> _Work task_: For the full listing below, write out each entry exactly and exclude the images.

★ ★ ★ ★ ★ ★ ★

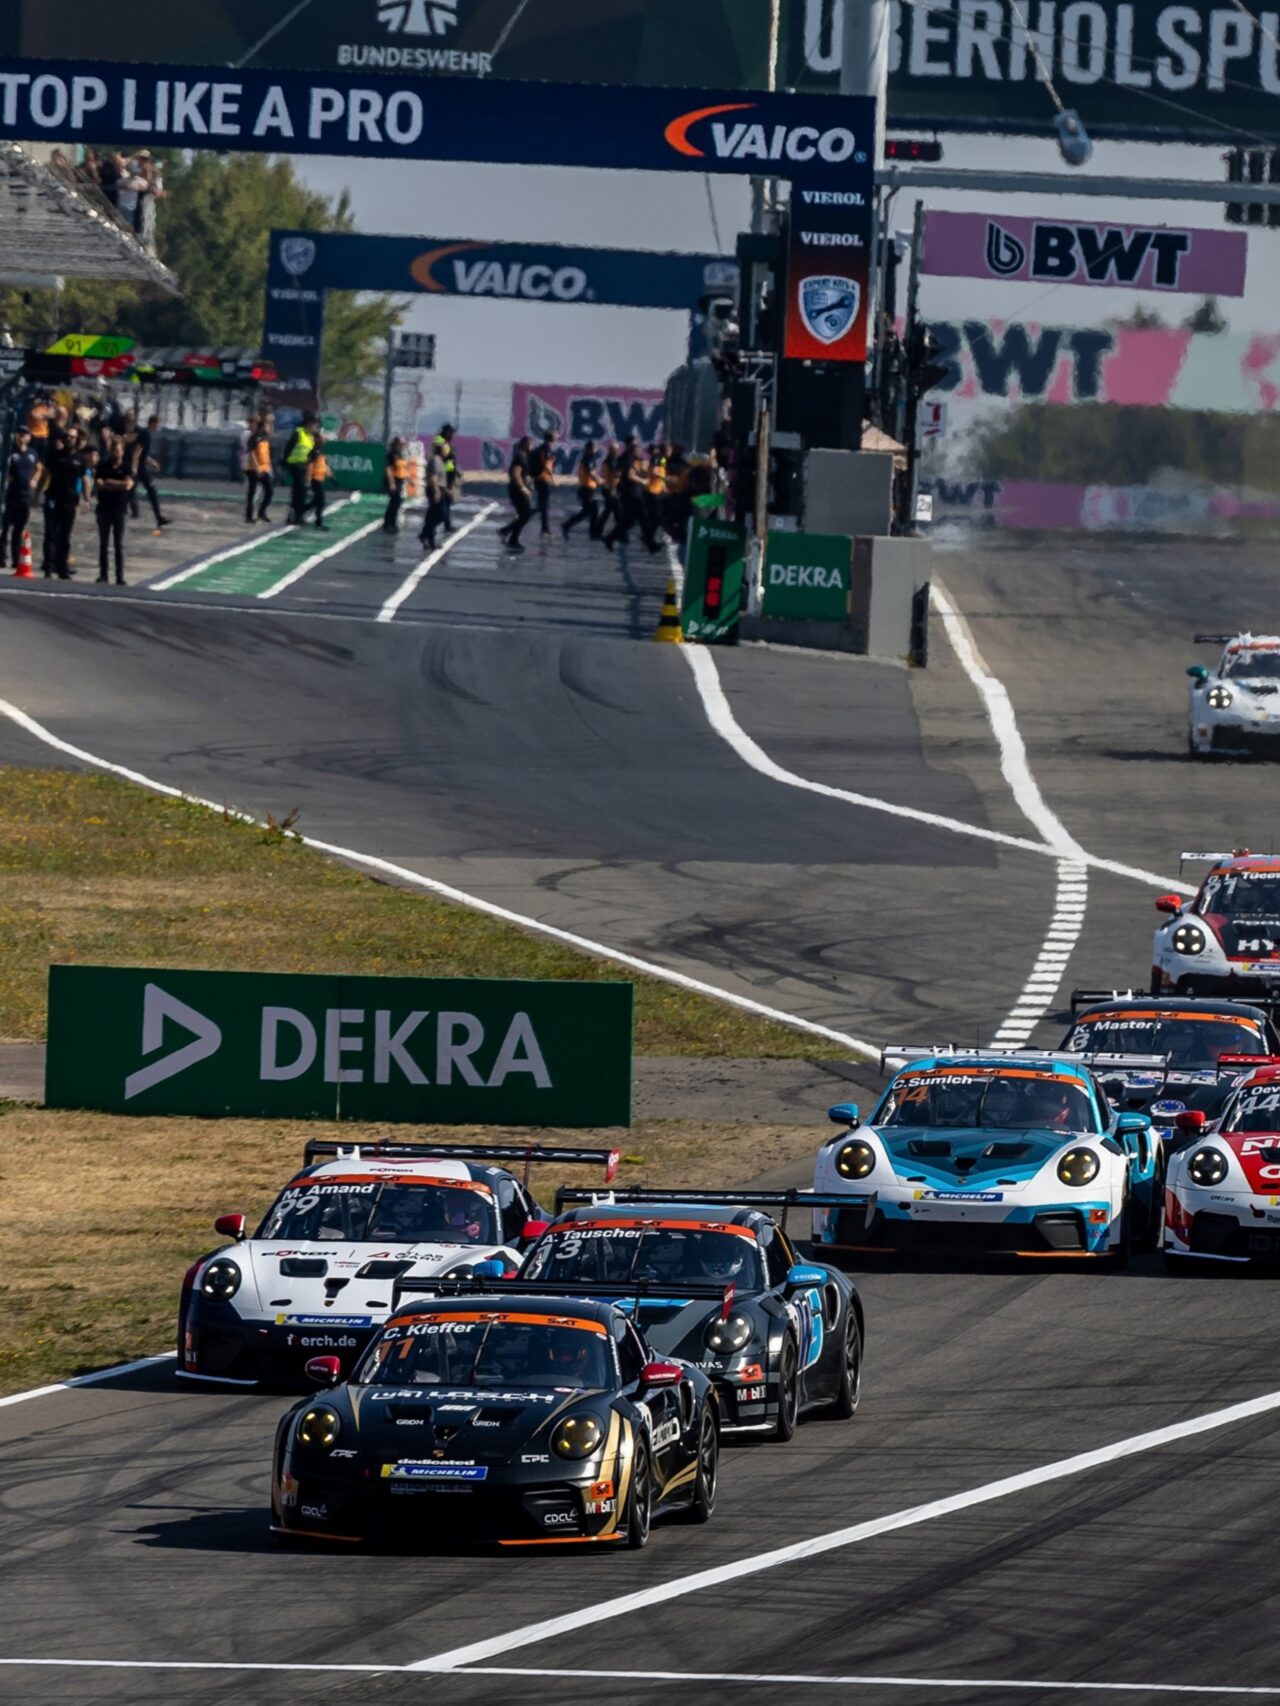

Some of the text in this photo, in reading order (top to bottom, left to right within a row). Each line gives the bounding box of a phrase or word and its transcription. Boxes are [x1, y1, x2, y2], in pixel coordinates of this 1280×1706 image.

[337, 44, 492, 74] BUNDESWEHR
[122, 78, 243, 135] LIKE
[253, 86, 294, 137] A
[308, 87, 423, 145] PRO
[711, 123, 855, 162] VAICO
[802, 190, 865, 206] VIEROL
[801, 231, 863, 247] VIEROL
[1033, 225, 1190, 287] BWT
[453, 259, 588, 300] VAICO
[571, 399, 665, 443] BW
[769, 563, 844, 590] DEKRA
[1074, 1025, 1090, 1034] K.
[260, 1005, 553, 1088] DEKRA
[282, 1183, 376, 1200] M. Amand
[938, 1193, 997, 1202] MICHELIN
[301, 1317, 365, 1326] MICHELIN
[384, 1323, 475, 1340] C. Kieffer
[397, 1458, 475, 1466] dedicated
[411, 1469, 478, 1477] MICHELIN
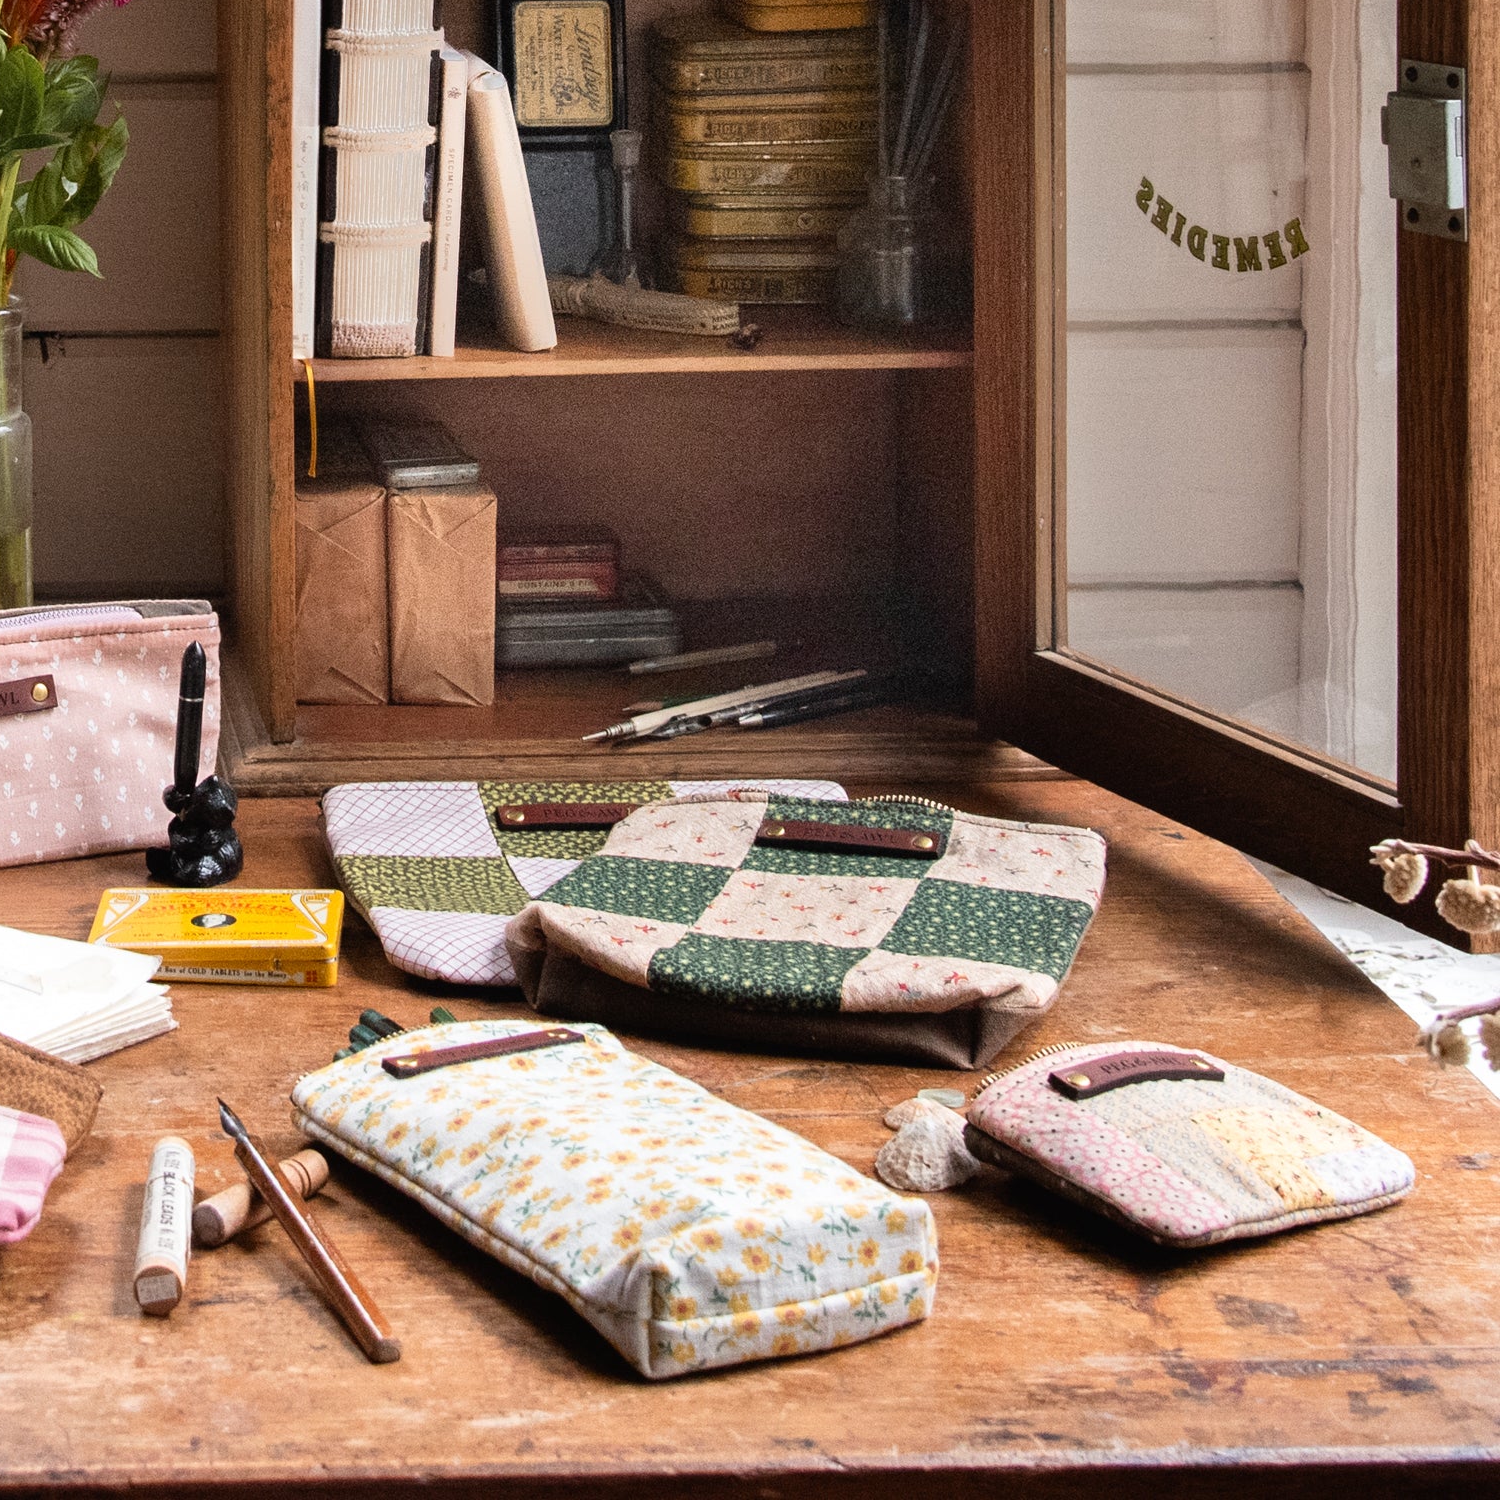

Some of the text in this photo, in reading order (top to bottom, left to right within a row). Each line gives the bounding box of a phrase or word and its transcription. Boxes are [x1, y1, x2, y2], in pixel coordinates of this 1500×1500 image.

★ ★ ★ ★ ★ ★ ★

> _Reply_:
Some of the text in this photo, in reading order (top to bottom, left to right within a row). Each line gives the bounding box of a phrase or word and its transcription. Boxes are [x1, y1, x2, y2], in pixel coordinates of this 1280×1706 image.

[337, 44, 492, 74] BUNDESWEHR
[122, 78, 243, 135] LIKE
[253, 86, 294, 137] A
[308, 87, 423, 145] PRO
[711, 123, 855, 162] VAICO
[802, 190, 865, 206] VIEROL
[801, 231, 863, 247] VIEROL
[1033, 225, 1190, 287] BWT
[453, 259, 588, 300] VAICO
[571, 399, 665, 443] BW
[769, 563, 844, 590] DEKRA
[1074, 1025, 1090, 1034] K.
[260, 1005, 553, 1088] DEKRA
[282, 1183, 376, 1200] M. Amand
[938, 1193, 997, 1202] MICHELIN
[301, 1317, 365, 1326] MICHELIN
[384, 1323, 475, 1340] C. Kieffer
[397, 1458, 475, 1466] dedicated
[411, 1469, 478, 1477] MICHELIN

Some of the text in this photo, in reading order (top to bottom, left to right within a row). Each line gives the bounding box of a phrase or word and its transcription. Boxes are [x1, y1, x2, y2], in pixel coordinates of this 1500×1500 image.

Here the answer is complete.